We also investigated if gaze behaviour changed across the experiment by correlating the number of grid cells visited with trial number for younger and older participants. There was a large negative correlation in younger (r = -.74, p < .001) but not in older participants (r = -.01, p = .621), suggesting that younger participants adapted their gaze strategy and explored less of the stimuli over the course of the experiment whilst older participants’ gaze behaviour did not change. The correlation coefficients between younger and older adults were statistically different (z = -9.13, p < .001).
Partial-correlation analysis
To investigate whether differences in the number of grid cells visited during encoding were, in fact, associated with performance, we ran partial correlations between drift rates and sensitivity (d’) with the number of grid cells visited, partialling out chronological age. There were no significant correlations between drift rate and the number of grid cells visited (r = -.18, p = .166) or between d’ and the number of grid cells visited (r = -.11, p = .383).
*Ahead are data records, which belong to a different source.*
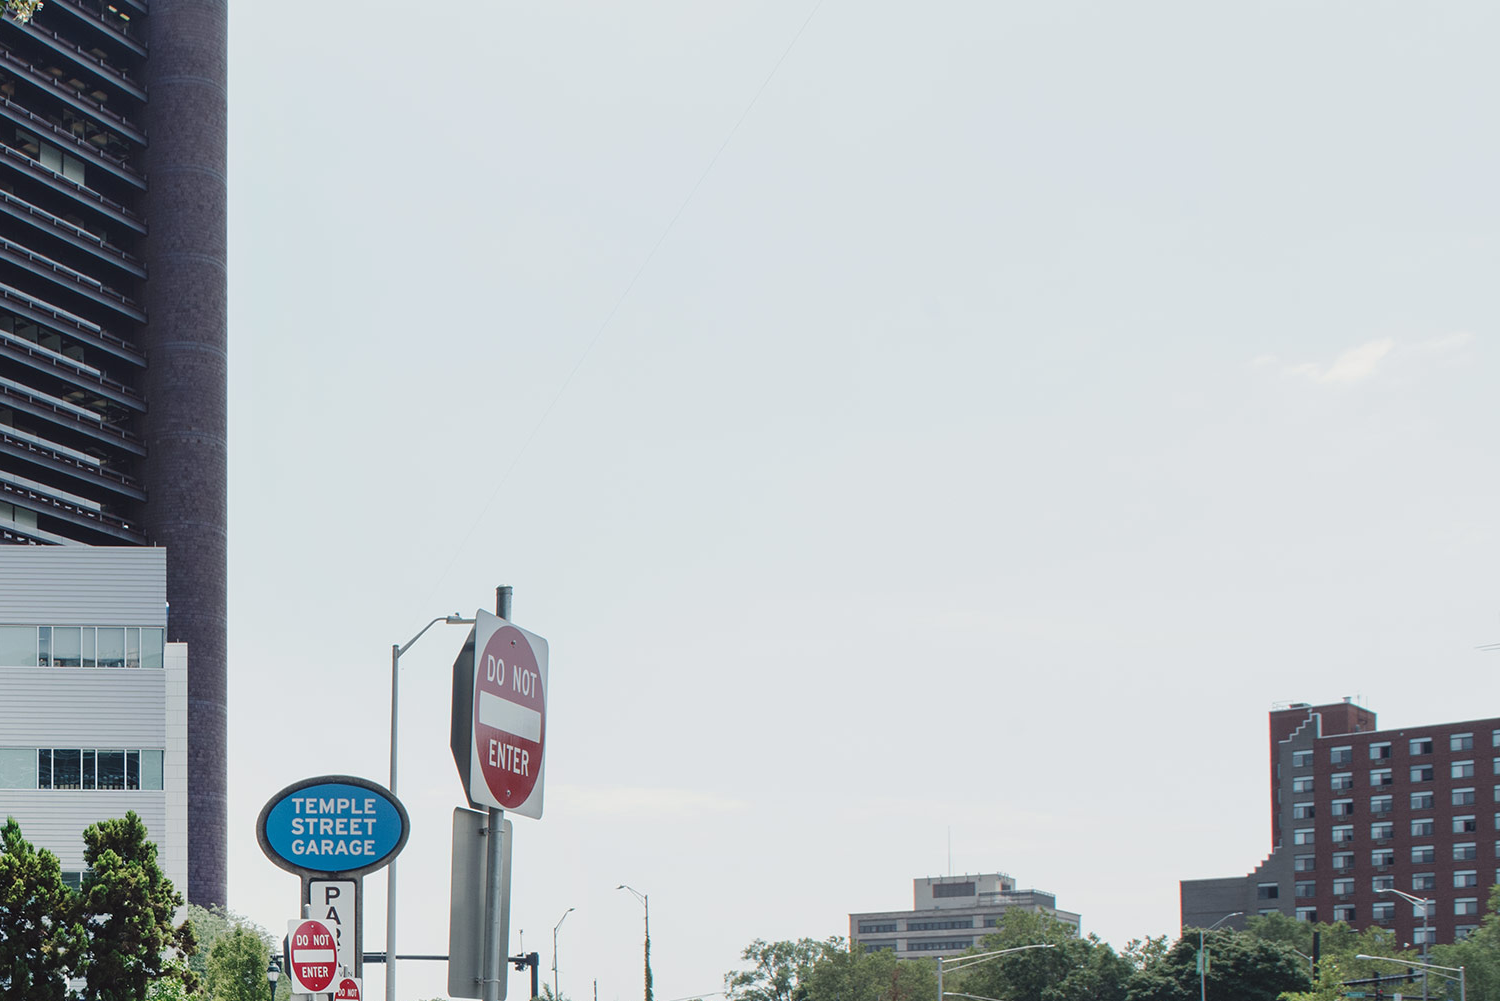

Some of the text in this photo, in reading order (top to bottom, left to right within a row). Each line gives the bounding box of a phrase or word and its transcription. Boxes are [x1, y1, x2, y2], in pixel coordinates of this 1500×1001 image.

[487, 654, 537, 699] DO NOT
[488, 739, 529, 777] ENTER
[291, 797, 376, 814] TEMPLE
[291, 818, 377, 835] STREET
[291, 839, 376, 856] GARAGE
[296, 934, 330, 946] DO NOT
[301, 966, 329, 978] ENTER
[347, 988, 358, 998] NOT
However, given the differences between the Rotate and Swap conditions in the behavioural findings, it is possible that the relationship between the number of grid cells visited and drift rate or d’ might be different across those two conditions. We, therefore, ran partial correlations separately for the Rotate and Swap conditions and found a significant correlation between the number of grid cells visited and drift rate in the Rotate condition (r = -0.29, p = .022), but not in the Swap condition (r = -0.13, p = 0.339). Similarly, there was a trend for a negative correlation between number of grid cells visited and d’ in the Rotate condition (r = -.22, p = .070) but not in the Swap condition (r = .02, p = .885).
Discussion
In this study we used eye-tracking and diffusion modelling to investigate age-related changes in spatial memory for object locations. To ensure that the task did indeed address spatial memory and could not simply be solved by image comparisons, we introduced perspective shifts in two-thirds of the trials (Nardini, Thomas, Knowland, Braddick, & Atkinson, 2009). To investigate potential age-related differences in the resolution of spatial representations, we changed the spatial configuration between encoding and test by either swapping clusters of objects (coarse change) or by rotating a cluster within a scene (fine-grained change).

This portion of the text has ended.